大規模システム開発におけるトラブル事例① ~組織間の『情報の流れ』を止めるな~

先日、弊社に開発業務に関するご相談を受けました。業務の概要は下記の通りです。下記スライド参照。

※会社名、相談者名などの個体名、秘密情報は一切伏せて記載しております。

  • 相談者は会社Aの正規従業員。
  • 会社Aは次世代製品の中核となる新規アイテムのプロジェクトチームを立ち上げた。
  • 相談者は上記プロジェクトにおいて、企画、販売・サービスおよび開発部署からの構想・機能要件を技術要件・システム設計に落とし込む役割を担う部署aに配属。
  • 相談者は部署aの主実務者として従事。
  • 上記部署は策定した技術要件・システム設計を詳細要件(+実装)に落とし込む業務を会社Bへ準委任していた。

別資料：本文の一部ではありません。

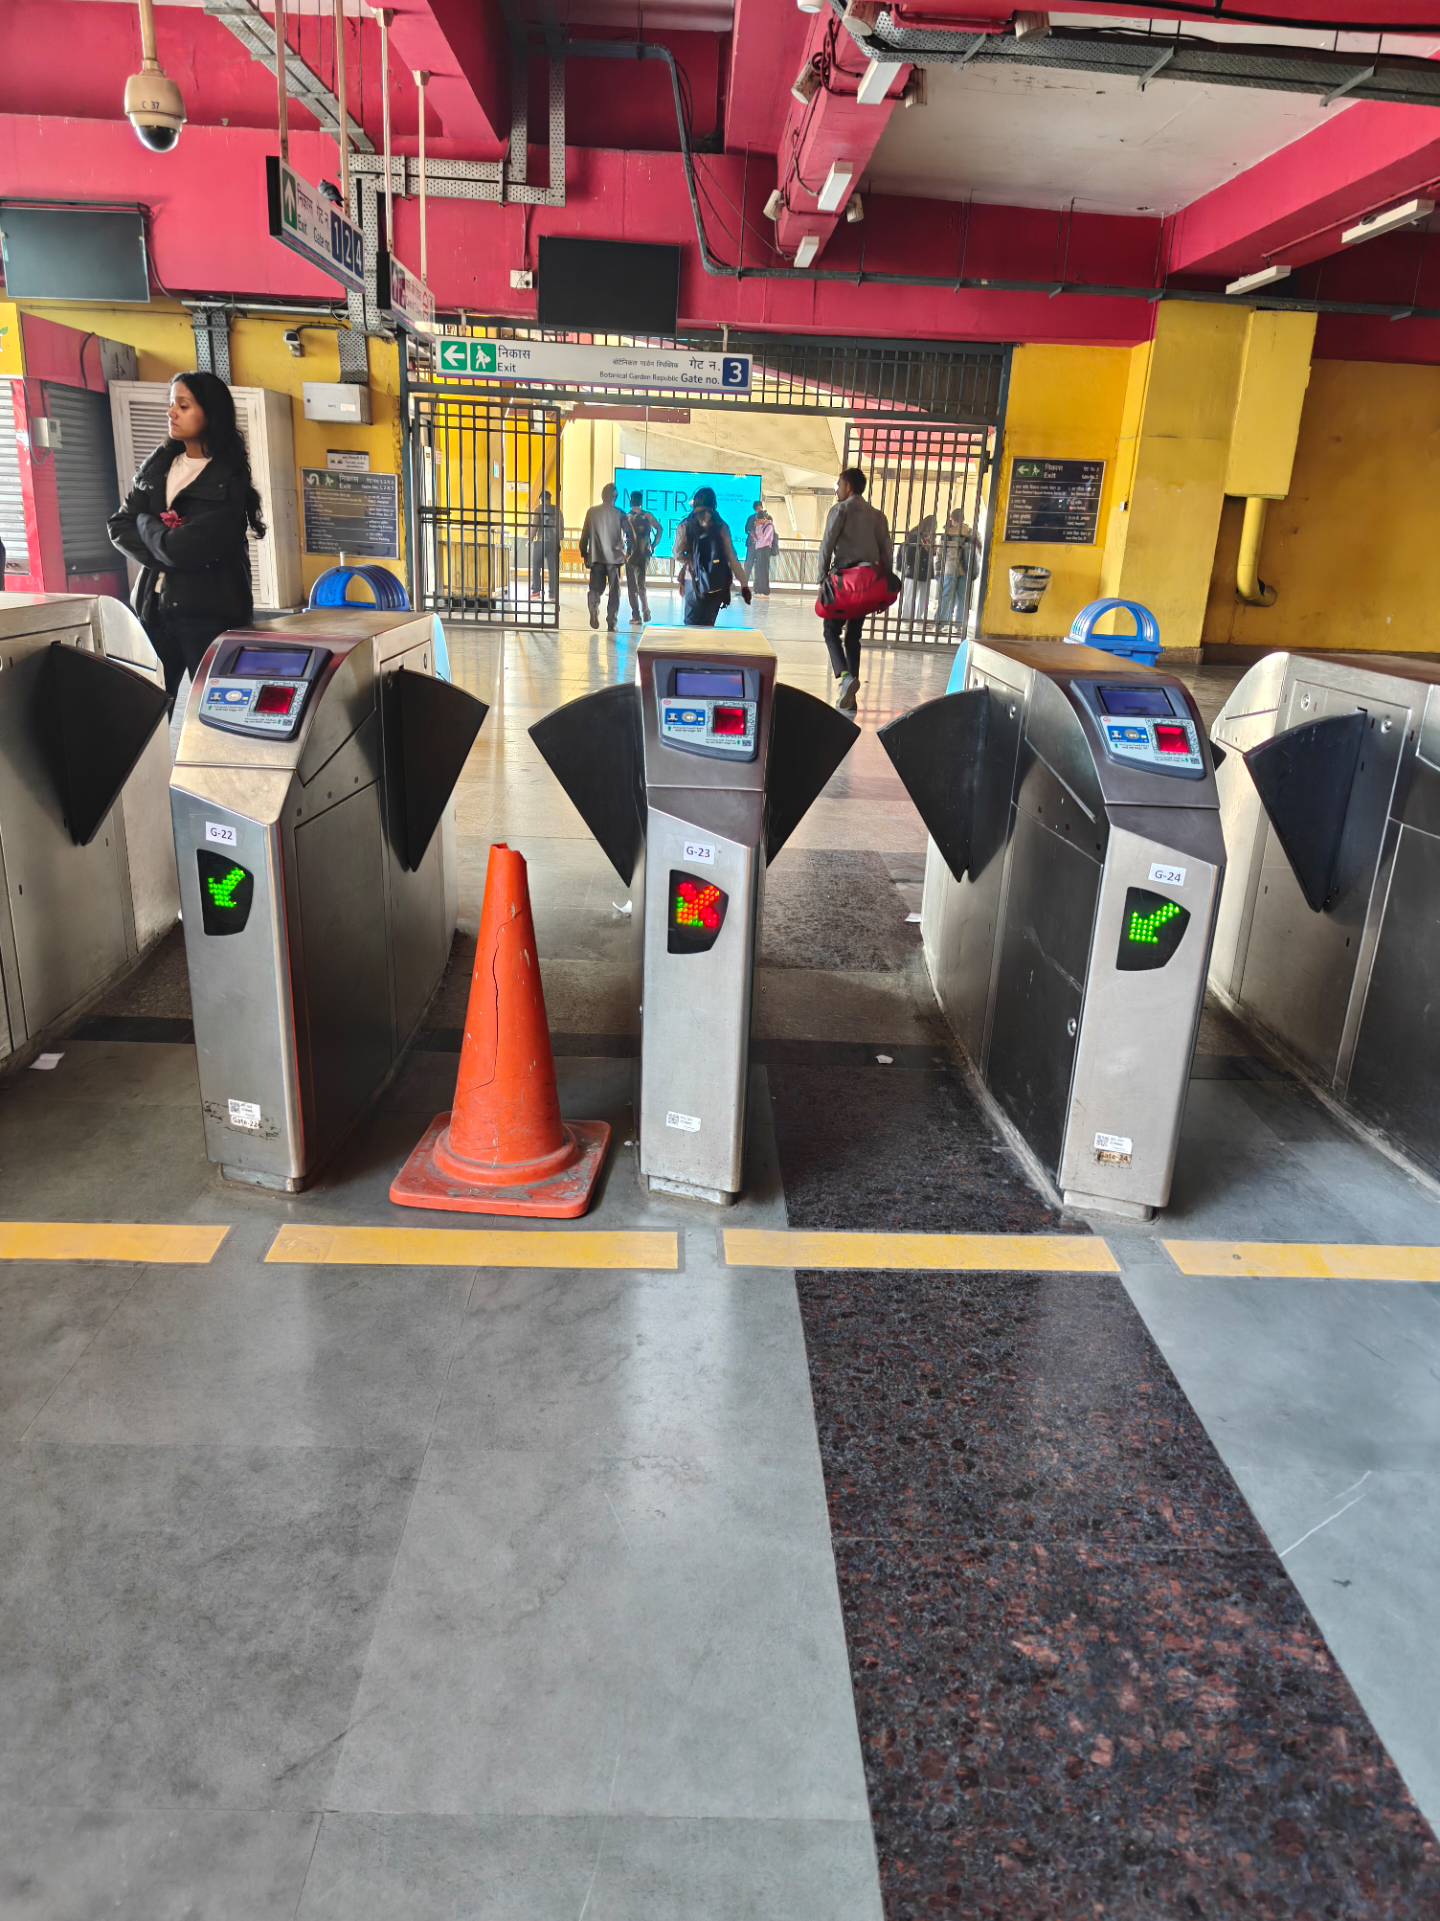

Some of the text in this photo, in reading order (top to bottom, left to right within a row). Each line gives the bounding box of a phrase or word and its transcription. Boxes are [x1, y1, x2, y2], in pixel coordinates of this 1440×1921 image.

[150, 100, 160, 110] 37
[297, 213, 308, 236] Exit
[313, 226, 325, 248] Gate
[344, 230, 352, 265] 2
[355, 239, 362, 273] 4
[498, 344, 531, 360] निकास
[497, 362, 517, 373] Exit
[689, 356, 705, 370] गेट
[708, 360, 721, 371] न.
[599, 361, 742, 385] Botanical Garden Republic Gate no. 3
[1043, 471, 1057, 479] Exit
[339, 482, 352, 490] Exit
[210, 827, 234, 841] G-22
[685, 845, 711, 858] G-23
[1154, 869, 1182, 883] G-24
[231, 1116, 258, 1128] Gate-22

相談者からのご相談で把握している内容は概略下記の通りです。

  • プロジェクトチーム内の関係部署より吸い上げた構想・機能要件の量が多く、要件の粒度がバラバラなため、膨大な精査工数を要している。
  • 関係部署からの情報・指示が所属長経由で相談者に垂れ流しされていて、受け皿が足りない。
  • 所属長は相談者からの進捗、困りごとを吸い上げて貰えない。
  • 上記理由により、技術要件・システム設計の業務の工数が足りない。
  • 請負先(会社B)との窓口は所属長一人。
  • 所属長から会社Bに対して要件提示が出来ていない。会社Bから所属長経由で相談者に執拗な要求が来ていた。
  • 相談者は心の不調を訴え、休職した。
  • 会社Aは会社Bに対して、請負契約(準委任契約)を解除した。

ひと言でいうと、相談者は所属長、関係部署より依頼された作業が溜まる一方、成果や課題提起する相手が実質存在していないために、作業負荷が相談者のキャパシティを超えてしまった、というものです。

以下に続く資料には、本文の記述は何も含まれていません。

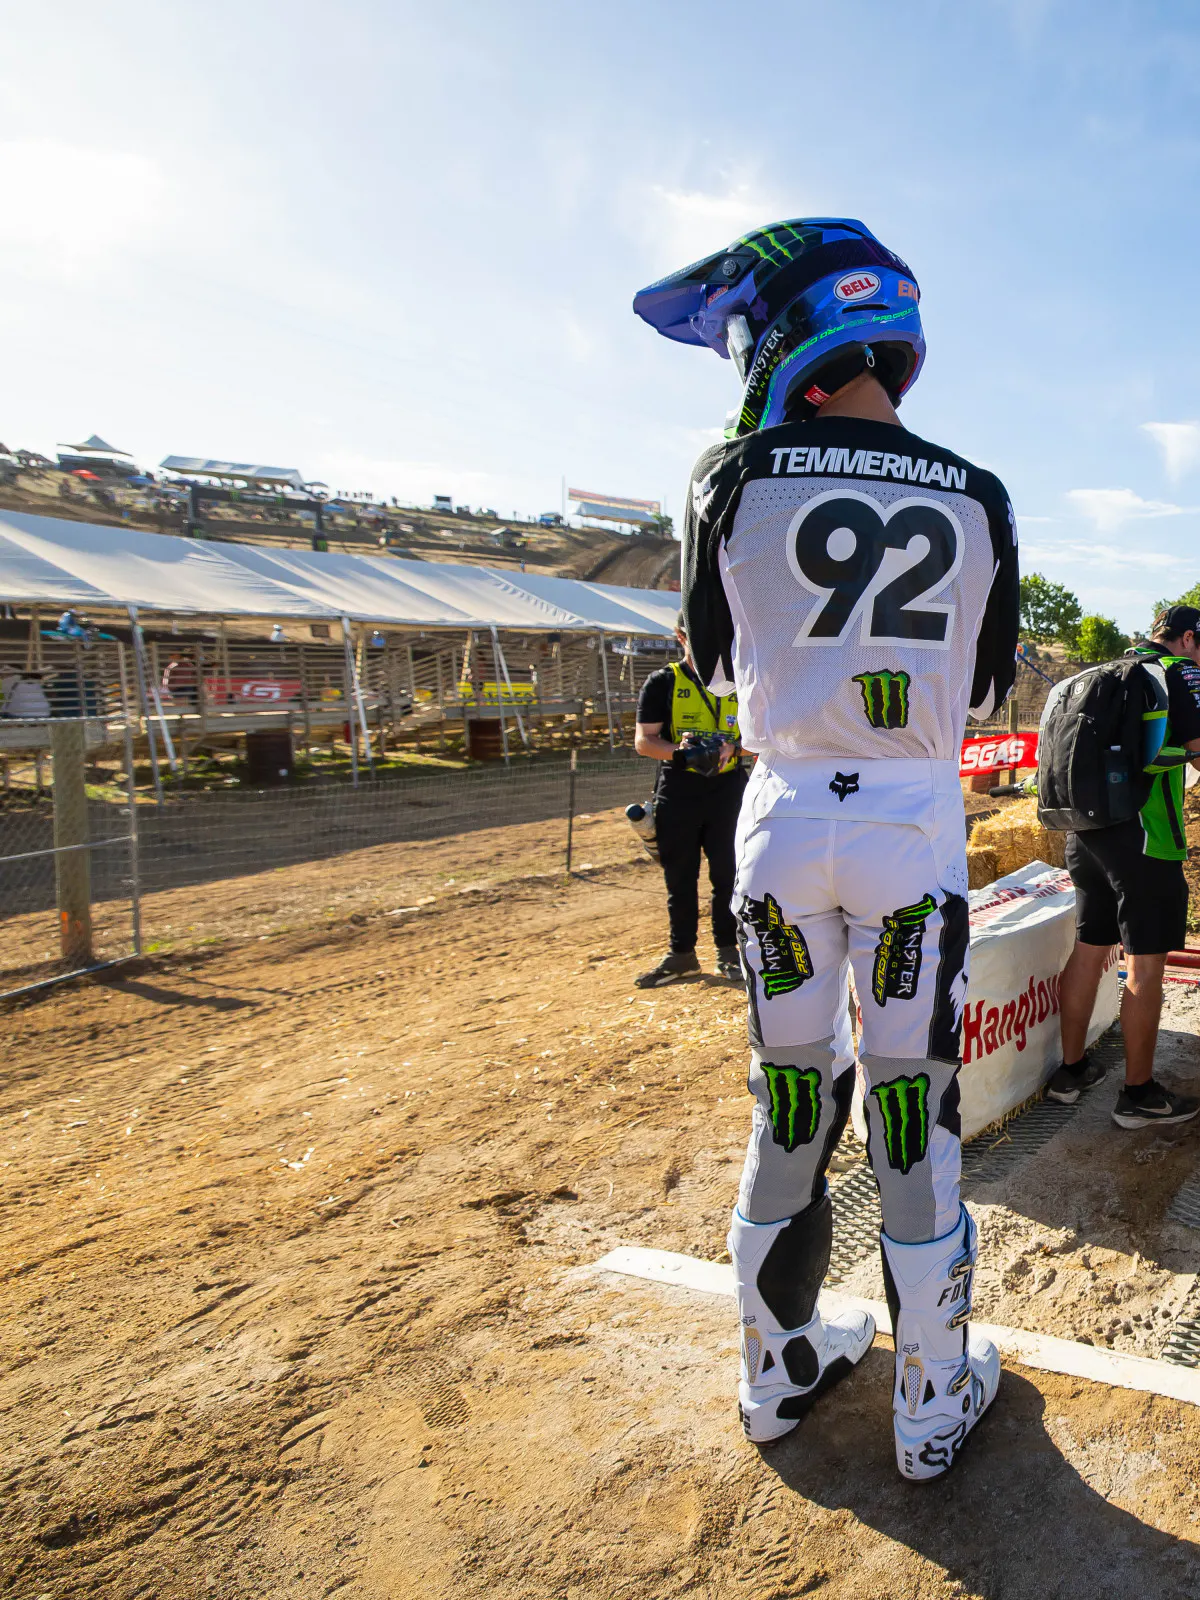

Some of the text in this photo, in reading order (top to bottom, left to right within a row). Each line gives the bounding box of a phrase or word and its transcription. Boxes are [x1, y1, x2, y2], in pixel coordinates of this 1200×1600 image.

[841, 277, 875, 297] BELL
[779, 323, 845, 372] PRO CIRCUIT
[770, 446, 968, 491] TEMMERMAN
[788, 490, 963, 648] 92
[677, 688, 690, 698] 20
[959, 740, 1025, 770] SGAS
[791, 941, 809, 974] PRO
[744, 1412, 752, 1436] FOX
[904, 1450, 914, 1475] FOX
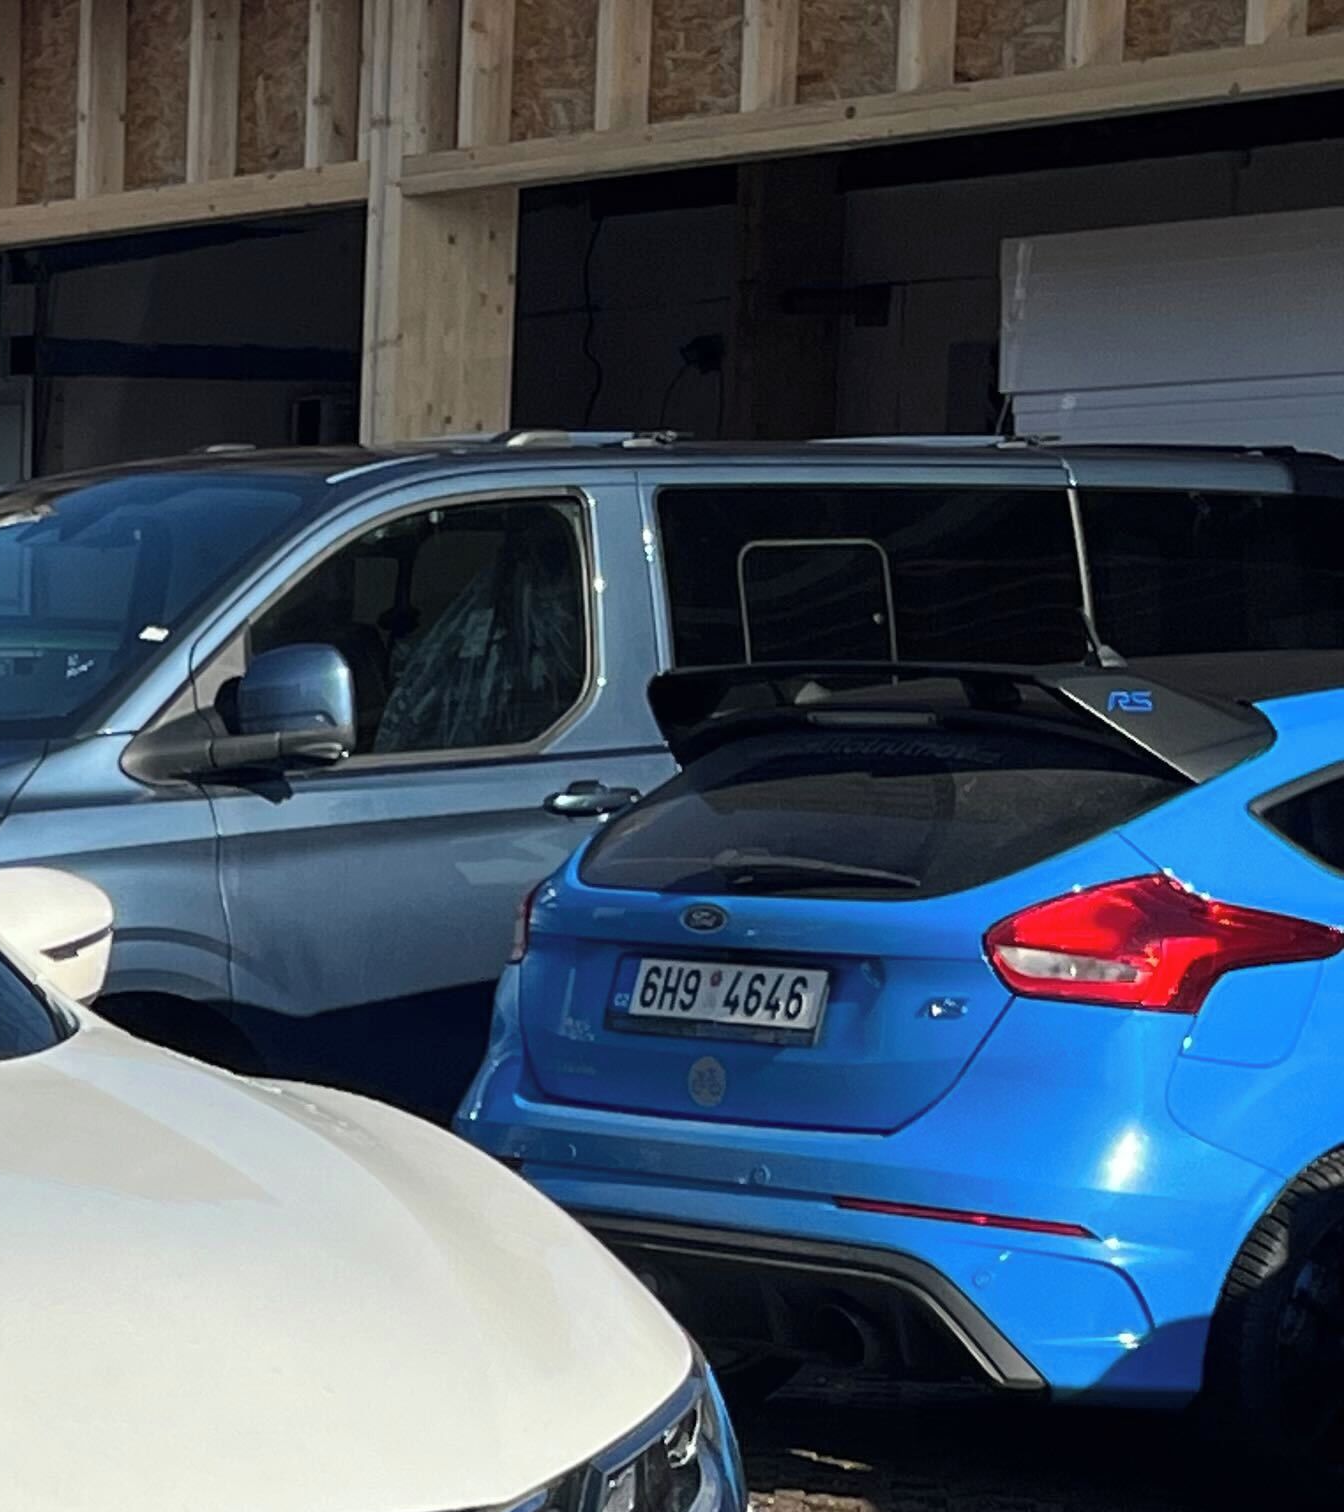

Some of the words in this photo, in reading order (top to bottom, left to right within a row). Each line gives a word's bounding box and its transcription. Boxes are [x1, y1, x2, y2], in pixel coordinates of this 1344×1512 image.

[1107, 690, 1153, 712] RS
[639, 964, 703, 1012] 6H9
[723, 970, 809, 1019] 4646

正直、大変お気の毒な話です。会社としても相談者、請負先といった貴重な戦力(資産という)を失うわけですから、明らかにマイナス効果になります。

では、業務遂行上、どこに問題があったのでしょうか?

私の上げるポイントは下記3つです。

  1. 関係部署間の情報伝達・共有手段の確保
  2. プロジェクトに適合した開発基盤の確立
  3. 請負先企業との連携

今日は『1.関係部署間の情報伝達・共有手段の確保』についてお話しします。

対規模のシステム開発において、様々な領域、企業、部署の連携無くしてプロジェクトの成功はあり得ません。組織間連携で最も重要なのは、確実な情報伝達・共有になります。『情報』は人でいえば『血液』そのものであり、『血液』が人体の各組織に流れないと組織の機能が失われて人は致命傷を負うのと同様、『情報』が伝達・共有できないと組織は機能を果たせず、プロジェクトが失敗するのです。

そして、『血液』には『動脈』と『静脈』があるのと同様、『情報』も『入力』と『出力』があります。これを『相互作用』と呼んでいます。『情報』が常に流れている状態こそ、組織やプロジェクトチームが機能している状態なのです。

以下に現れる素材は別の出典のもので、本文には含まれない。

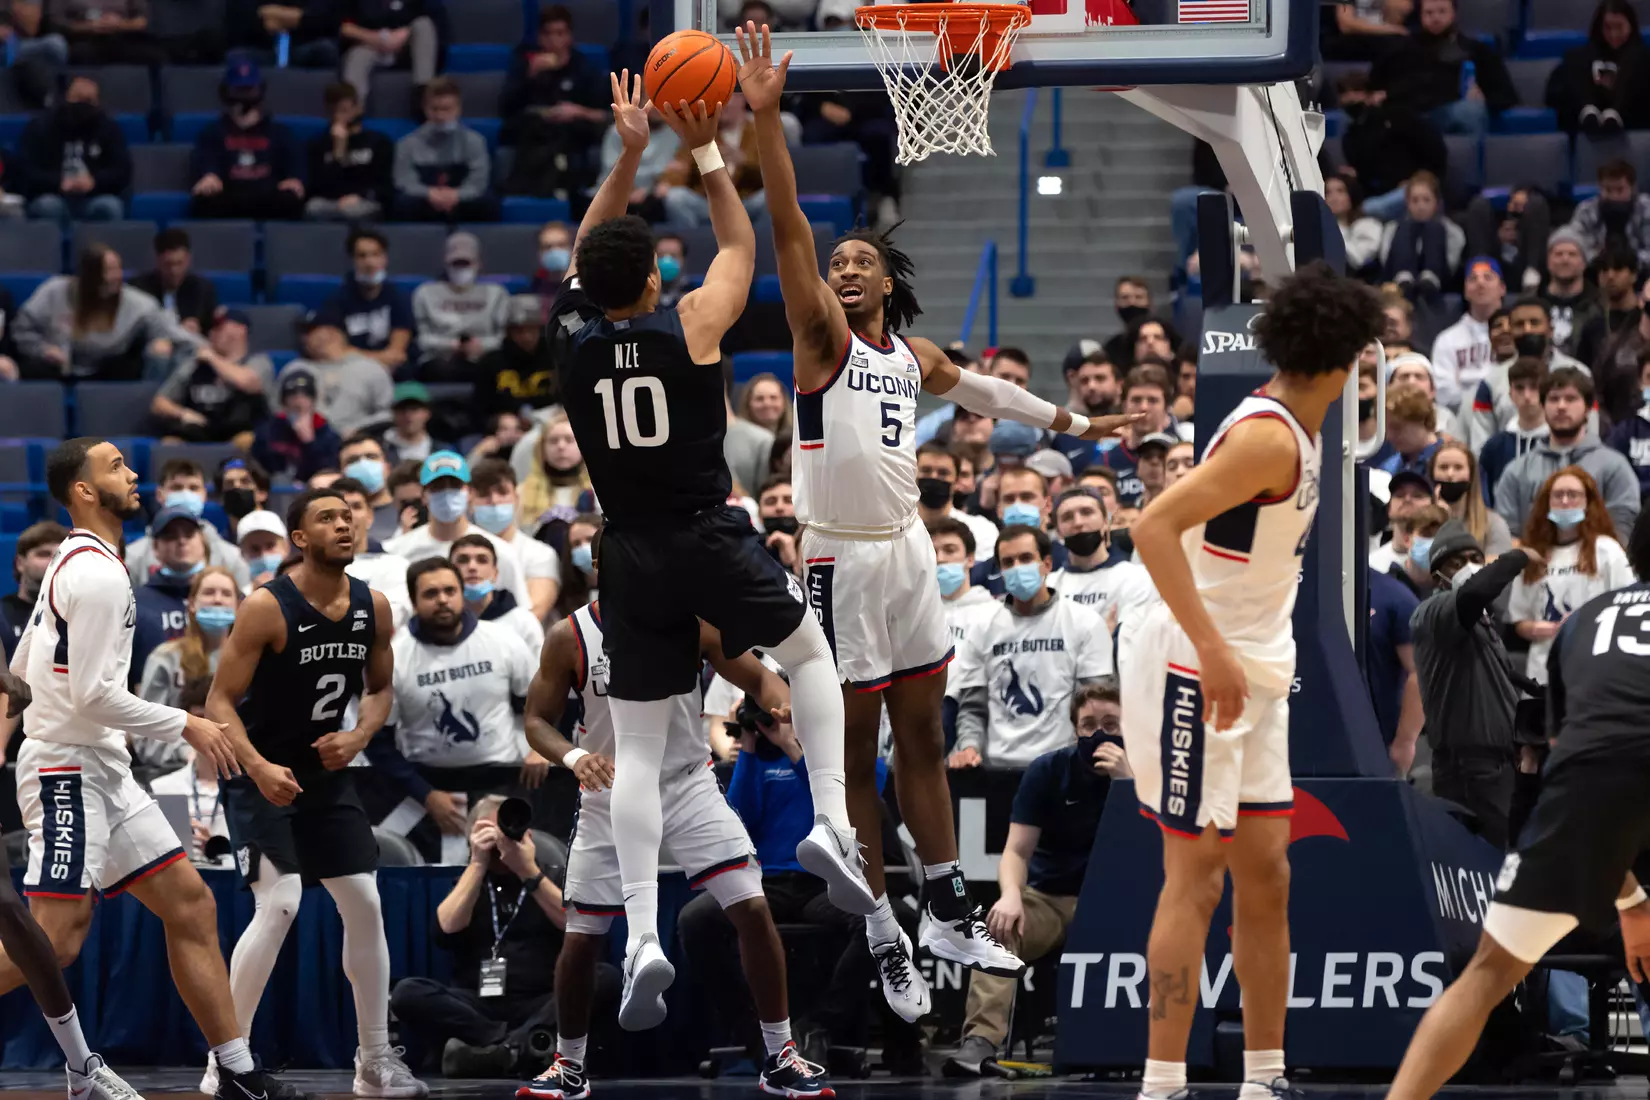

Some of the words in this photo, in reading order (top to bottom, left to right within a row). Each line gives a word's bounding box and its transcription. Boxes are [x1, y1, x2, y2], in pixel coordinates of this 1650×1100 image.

[653, 47, 678, 72] UCONN
[614, 342, 640, 369] NZE
[847, 369, 919, 401] UCONN
[593, 376, 670, 449] 10
[880, 400, 903, 447] 5
[298, 642, 368, 665] BUTLER
[1022, 638, 1064, 653] BUTLER
[1592, 603, 1650, 657] 13
[310, 673, 347, 721] 2
[417, 669, 447, 688] BEAT
[448, 660, 493, 681] BUTLER
[1166, 685, 1197, 818] HUSKIES
[50, 780, 74, 881] HUSKIES
[1060, 950, 1445, 1009] TRVLERS

実務担当者の方が組織やプロジェクトチームが正常に機能しているか、検証するのは大変難しいです。組織やチーム全体を把握すべき所属長、上司といったマネージメントを遂行する方の役割です。

もし、把握できないのであれば、スライドに示すような絵を描いてみてください。状態が一目で分かるはずです。

信頼性工学、品質工学の領域において、このようにシステム間の相互作用を可視化して(安全)分析を行う手法をSTAMP/STPAといいます。『組織』も分類上『システム』に含まれるため、組織が機能しているかの客観的な検証が可能なのです。検証の結果、組織間の相互作用を見える化できないようであれば、改善すべき要素があると判断すべきです。

解決策としては、情報を共有すべき当事者間にて、組織そして当事者としてアウトプット創出が継続して出来ているか、を検証することが必須です。その為には進捗確認だけでなく、業務自体が機能しているかどうかの確認が必要なのです。業務改善ミーティングはそのための手段です。私は今までの仕事の中で、後者の確認を実施していない企業・組織の実例をたくさん見かけています。ちなみに大手自動車メーカー・トヨタ自動車(株)はこの活動を最低でも週1回、定期的に実施しております。※私はトヨタ自動車(株)にて4年間、開発現場で仕事をさせて頂きました。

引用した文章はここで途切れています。